We educate employees that family comes first, work comes next. What’s the point of you doing all the work and trying to make all the money when at the end of the day it impacts having a good life
with your family? –Vamsi Bollineni

Vamsi on The Challenges of Running a Salesforce Practice

Ben: What would you say is the hardest part about running a salesforce practice in this day and age?

Vamsi: Scaling up fast enough. That’s always the challenge. On the other hand it’s keeping up with costs. Because we’re trying to follow the culture, we’re trying to follow the other norms to ensure that we’re on par with other employers in the industry. The cost of benefits and all, everything is going up, so we constantly have to recalibrate our position in the market and our pricings to the customers, the costs that we’re spending.
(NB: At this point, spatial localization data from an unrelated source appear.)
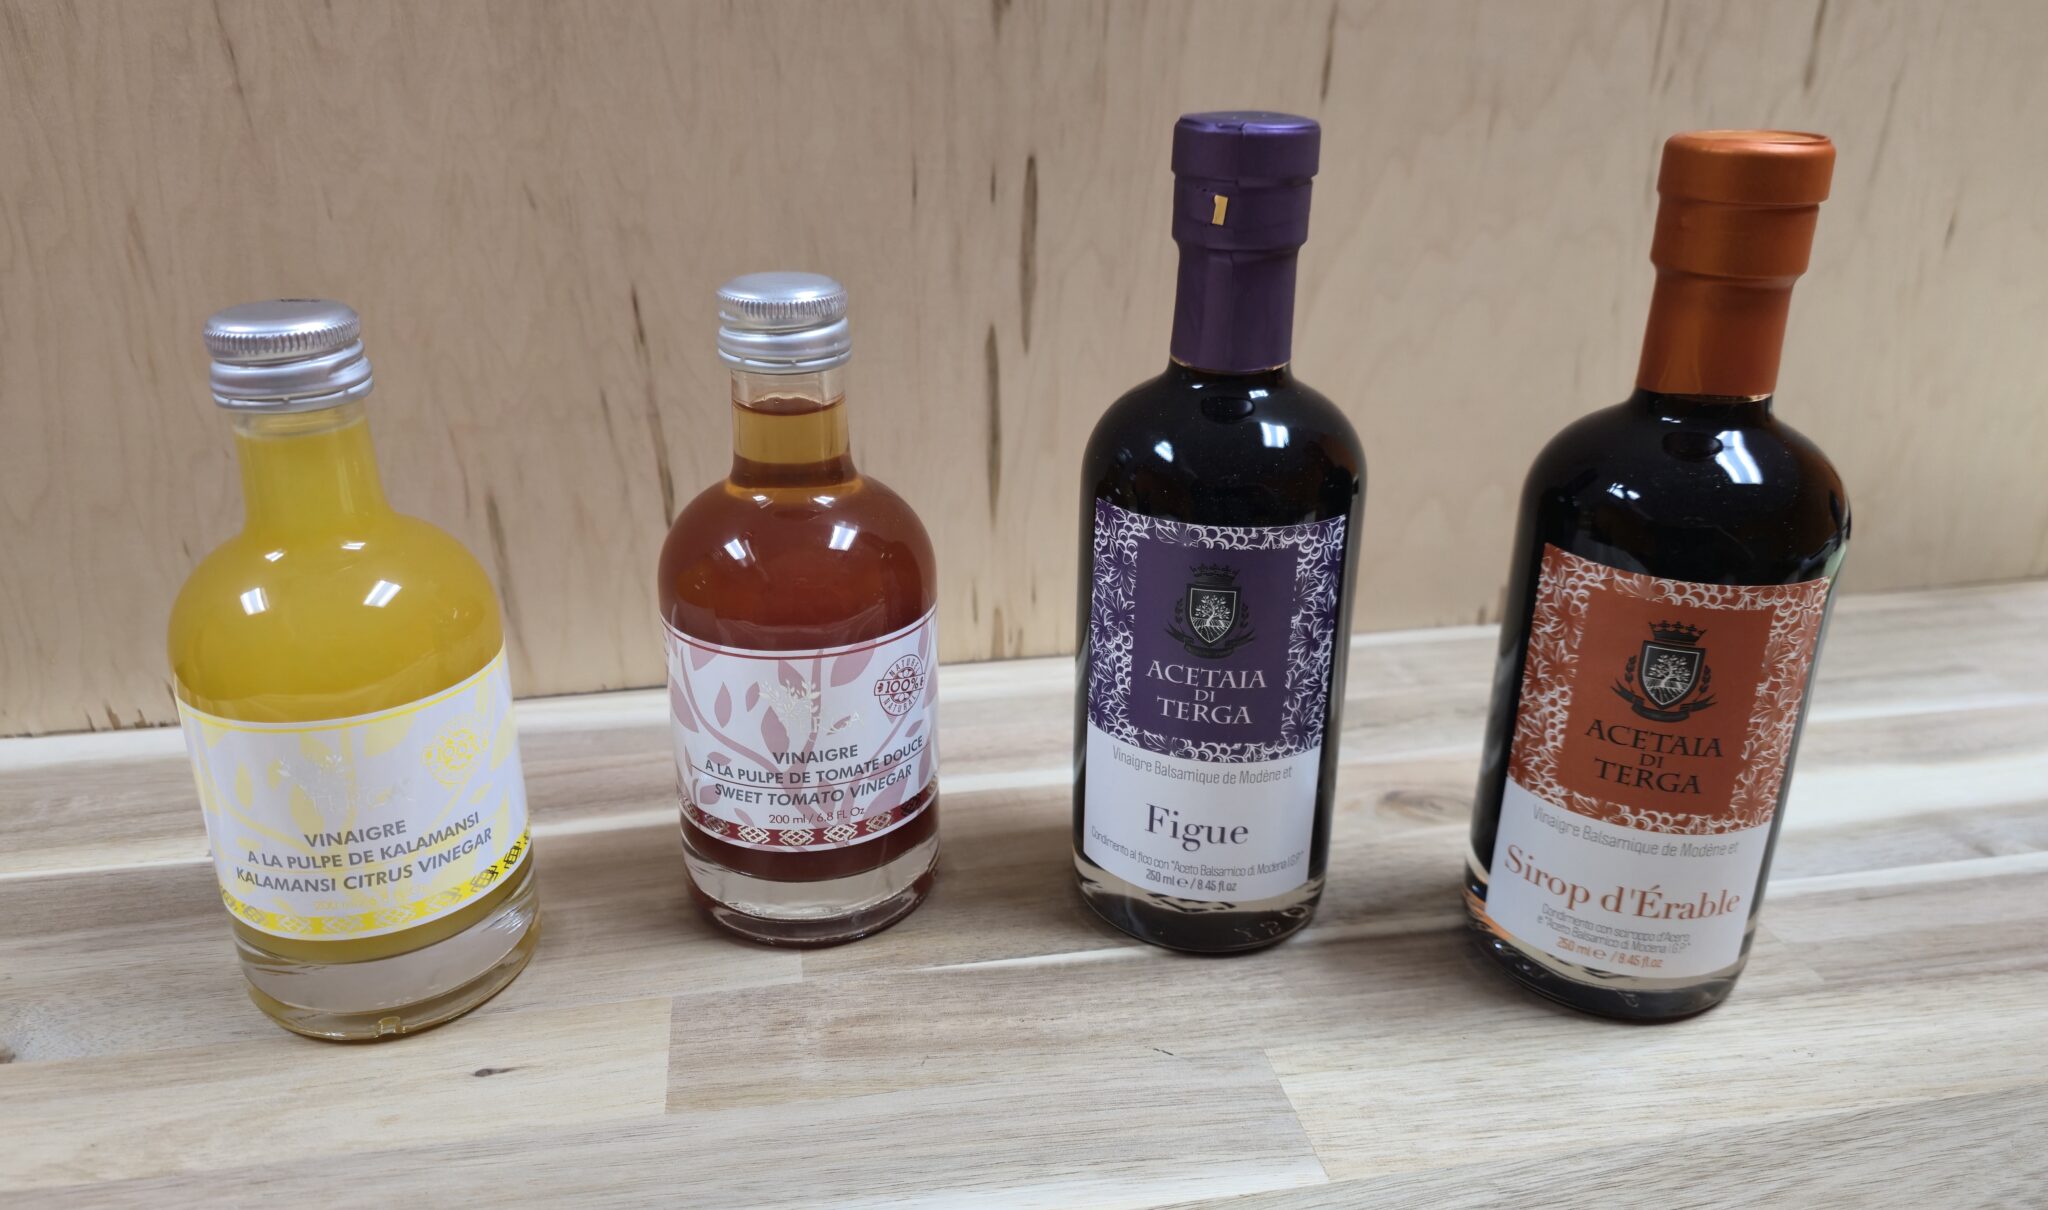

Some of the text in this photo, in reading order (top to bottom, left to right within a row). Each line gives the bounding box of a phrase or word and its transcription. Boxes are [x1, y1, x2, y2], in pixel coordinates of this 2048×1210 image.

[889, 658, 922, 679] NATUREL
[1145, 659, 1268, 689] ACETAIA
[886, 678, 919, 694] 100%
[1195, 689, 1215, 702] DI
[882, 694, 917, 714] NATURAL
[1157, 696, 1253, 725] TERGA
[1584, 719, 1723, 757] ACETAIA
[705, 735, 924, 784] A LA PULPE DE TOMATE DOUCE
[773, 745, 858, 765] VINAIGRE
[1112, 745, 1293, 785] Vinaigre Balsamique de Modène et
[1639, 753, 1664, 768] DI
[715, 764, 912, 806] SWEET TOMATO VINEGAR
[1594, 757, 1702, 794] TERGA
[769, 814, 790, 824] 200
[793, 813, 806, 824] ml
[816, 812, 834, 823] 6.8
[837, 810, 848, 819] FL
[850, 806, 865, 816] Oz
[1144, 803, 1249, 852] Figue
[248, 811, 480, 869] A LA PULPE DE KALAMANSI
[304, 820, 407, 848] VINAIGRE
[1532, 804, 1739, 857] Vinaigre Balsamique de Modène et
[236, 827, 492, 893] KALAMANSI CITRUS VINEGAR
[1091, 825, 1129, 857] Condimento
[1130, 849, 1137, 859] al
[1137, 851, 1153, 866] fico
[1153, 856, 1169, 870] con
[1200, 864, 1247, 877] Balsamico
[1247, 865, 1255, 876] di
[1256, 860, 1286, 874] Modena
[1146, 869, 1161, 882] 250
[1162, 873, 1175, 886] ml
[1504, 844, 1740, 920] Sirop d'Érable
[1542, 903, 1594, 931] Condimento
[1595, 923, 1613, 936] con
[1556, 936, 1575, 952] 250
[1577, 944, 1591, 956] ml
[1572, 927, 1619, 949] Balsamico
[1620, 939, 1630, 950] di
[1631, 941, 1667, 953] Modena
That’s the biggest challenge. That has actually gone significantly up compared to where we were 10 or 12 years ago. So that’s the biggest thing we’ve been looking at. Just looking at our benefits package, we scaled our benefits from 5 benefits in a package to 20 or 25 benefits in a package, we have a couple of different policies, insurance policies, life insurance policies, we’ve had those from the beginning but there’s now five other types of policies like extended sick leave policies, a bunch of those things. Unlimited PTO is a big thing that we just unveiled a couple of months ago, which is becoming a common norm – but it’s a big cost that we had to digest too. But it’s becoming an industry norm.

Vamsi on Looking Forward

Ben: In terms of future growth opportunities and where you see continued growth opportunities to scale as a business – you mention marketing cloud and mulesoft which were two acquisitions of Salesforce over the years, when Salesforce acquires a company do you instantly look to grow a service line around that? Is that how you’ll continue to grow and scale your business, by continuing to align with what Salesforce does from a product perspective?
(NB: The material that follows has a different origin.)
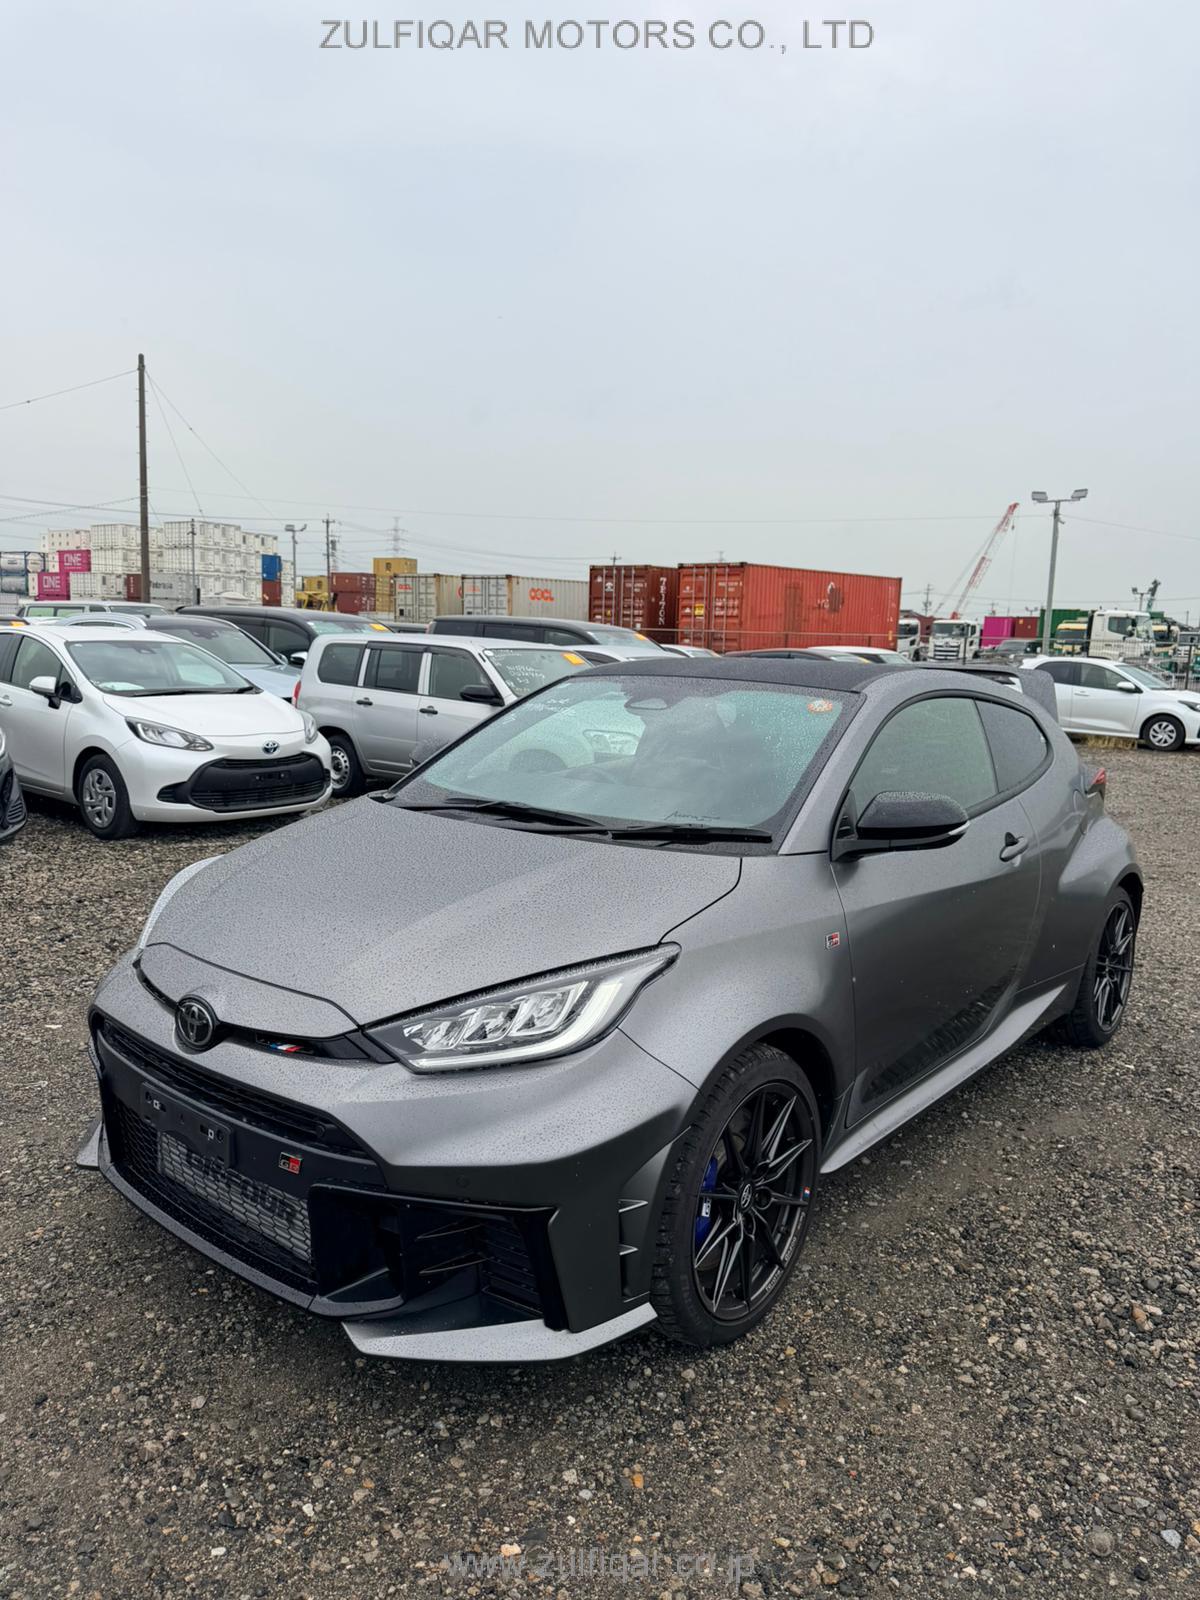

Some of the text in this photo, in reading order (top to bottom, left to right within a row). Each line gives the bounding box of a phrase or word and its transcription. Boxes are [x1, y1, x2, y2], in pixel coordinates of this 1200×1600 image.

[64, 553, 82, 566] ONE
[43, 575, 61, 588] ONE
[529, 588, 555, 602] OOCL
[279, 1157, 300, 1174] GR
Vamsi: We never look at the acquisitions they do and try to grow around them because acquisitions from Salesforce are going in two directions, right? One, they’re acquiring existing partners to grow their headcount and support their internal ecosystem and two, they’re buying these products to integrate into their existing functionalities so their capabilities are going up to meet the ecosystem’s needs. So the way we typically look at it is, we work with a bunch of folks in the Salesforce ecosystem, and I work with Salesforce pretty closely on a lot of things, so we try to see where the need is. Today, there is a need in the financial industry that we’re focusing on, there’s a need in banking, there’s a need in insurance, there’s a need in wealth management, or asset management, or mortgage. But what we look at is the specific pieces, not just the whole industry we look at the niche. Where is the biggest gap today that is stopping Salesforce from selling more deals? Is it with insurance carriers? Is it with insurance agencies? Is it something that’s related to a specific integration that they’re not able to do between Salesforce and other systems and it’s stopping them from being able to get from 50 to 100? We look at those gaps and we try to come up with these pre-built integrations. Our goal is to provide customers with comfortability and end-to-end solutions. At the end of the day there’s a lot of solutions, but they’re not complete. So it’s end-to-end, 360, recommendations and best practices, that’s what we’re trying to bring to the table. This is to not only comfort the customer but to comfort Salesforce.